Her new book is Braintrust: What Neuroscience Tells Us about Morality.
I recently asked Churchland what she was reading. Her reply:
Frank Dikotter’s book, Mao’s Great Famine, lately finished, taught me a great deal about how cruel, arrogant and pig-headed was Mao (apologies to pigs), and how death by starvation of tens of millions of Chinese could have been averted had a few fawning underlings been willing to stand up to the brute.Read an excerpt from Braintrust, and learn more about the book and author from the Princeton University Press website and Patricia S. Churchland's website.
Scott Atran’s new book, Talking to the Enemy, also at my side, is brilliant. As an anthropologist studying on the ground the phenomenon of jihadi, Atran has discovered important data at variance with the conventional wisdom about why and how individuals become terrorists. Consequently the book is of enormous practical importance. It is been well reviewed in the UK, but almost studiously avoided in the USA media.

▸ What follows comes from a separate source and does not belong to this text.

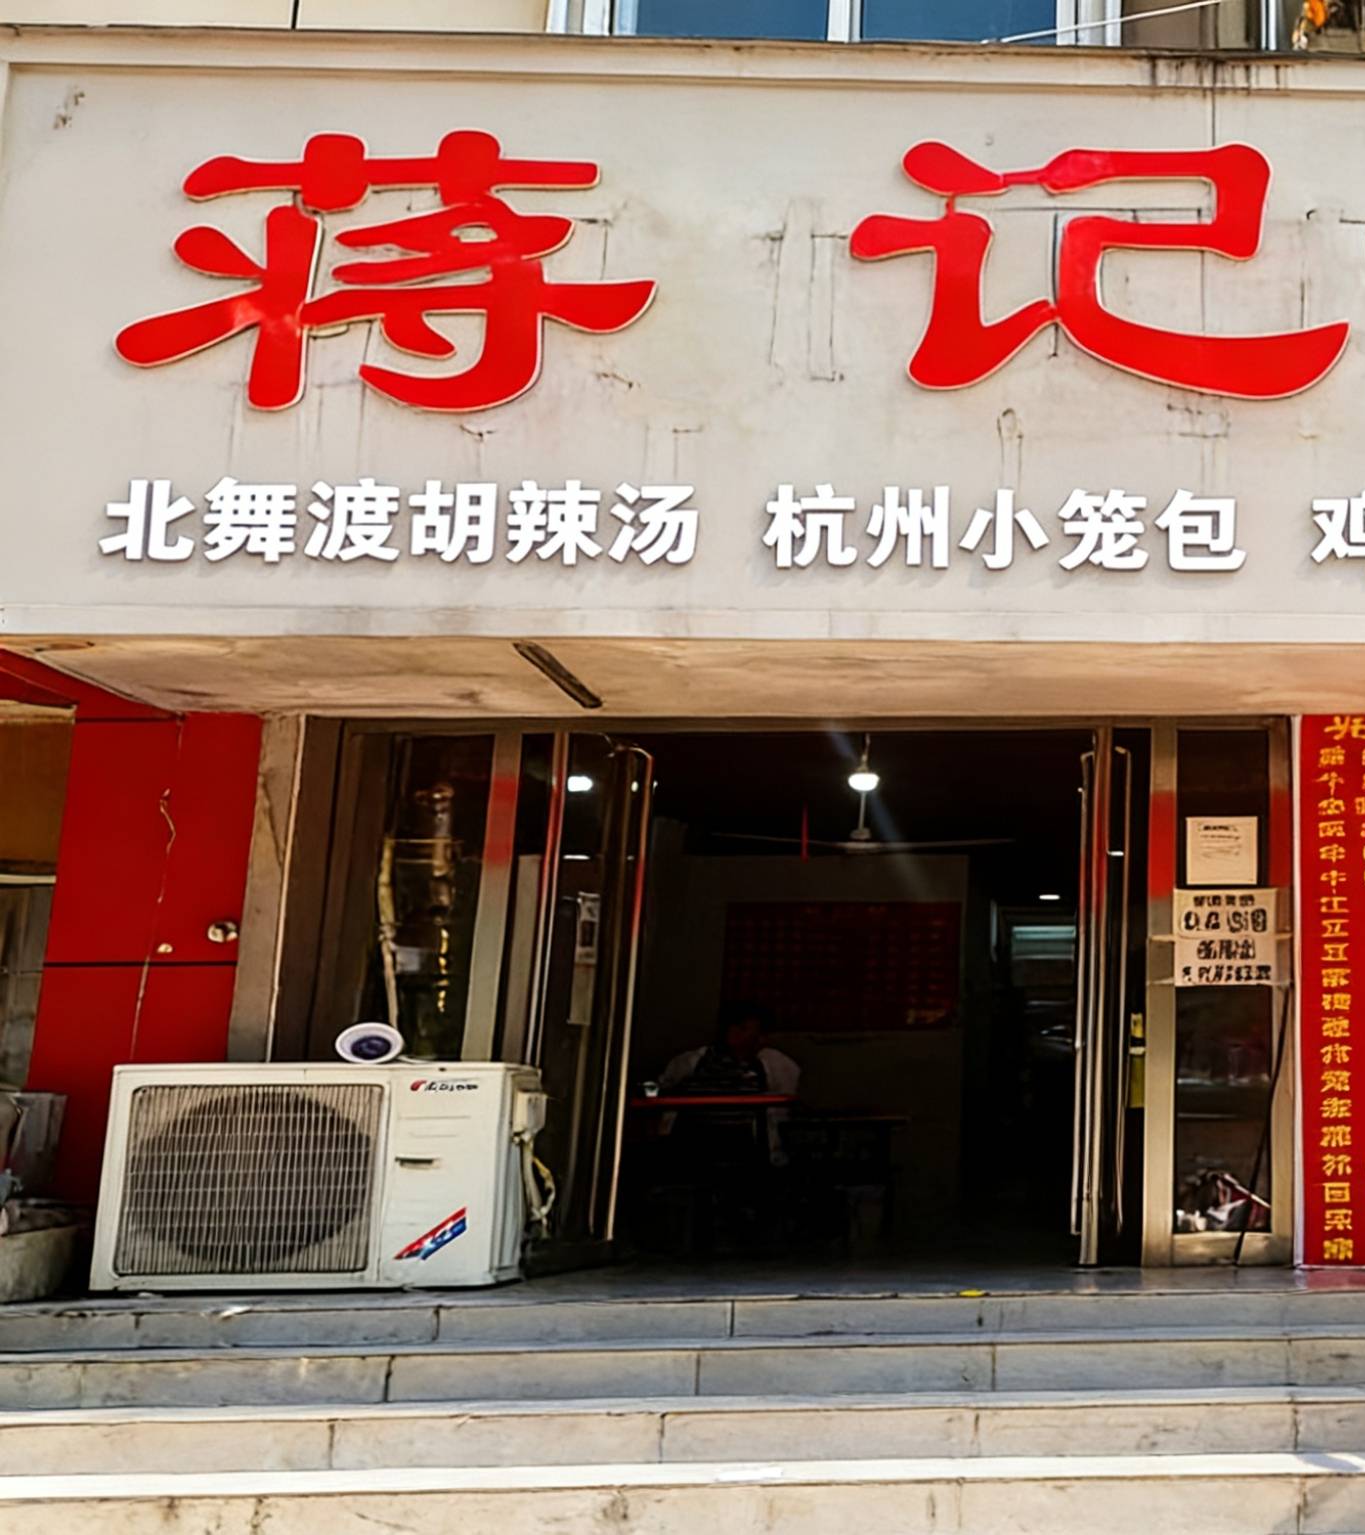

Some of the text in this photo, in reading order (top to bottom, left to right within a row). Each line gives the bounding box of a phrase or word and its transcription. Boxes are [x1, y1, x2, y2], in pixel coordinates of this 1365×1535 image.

A book recently delivered by my friendly UPS man (he once coaxed our dogs back in the fenced yard after they escaped) is Portraits of the Mind: Visualizing the Brain from Antiquity to the 21t Century, by Carl Schoonover. It is as much art as science, with many compelling depictions of neurons, brain pathways, tissues such as the retina -- each made possible by highly innovative techniques.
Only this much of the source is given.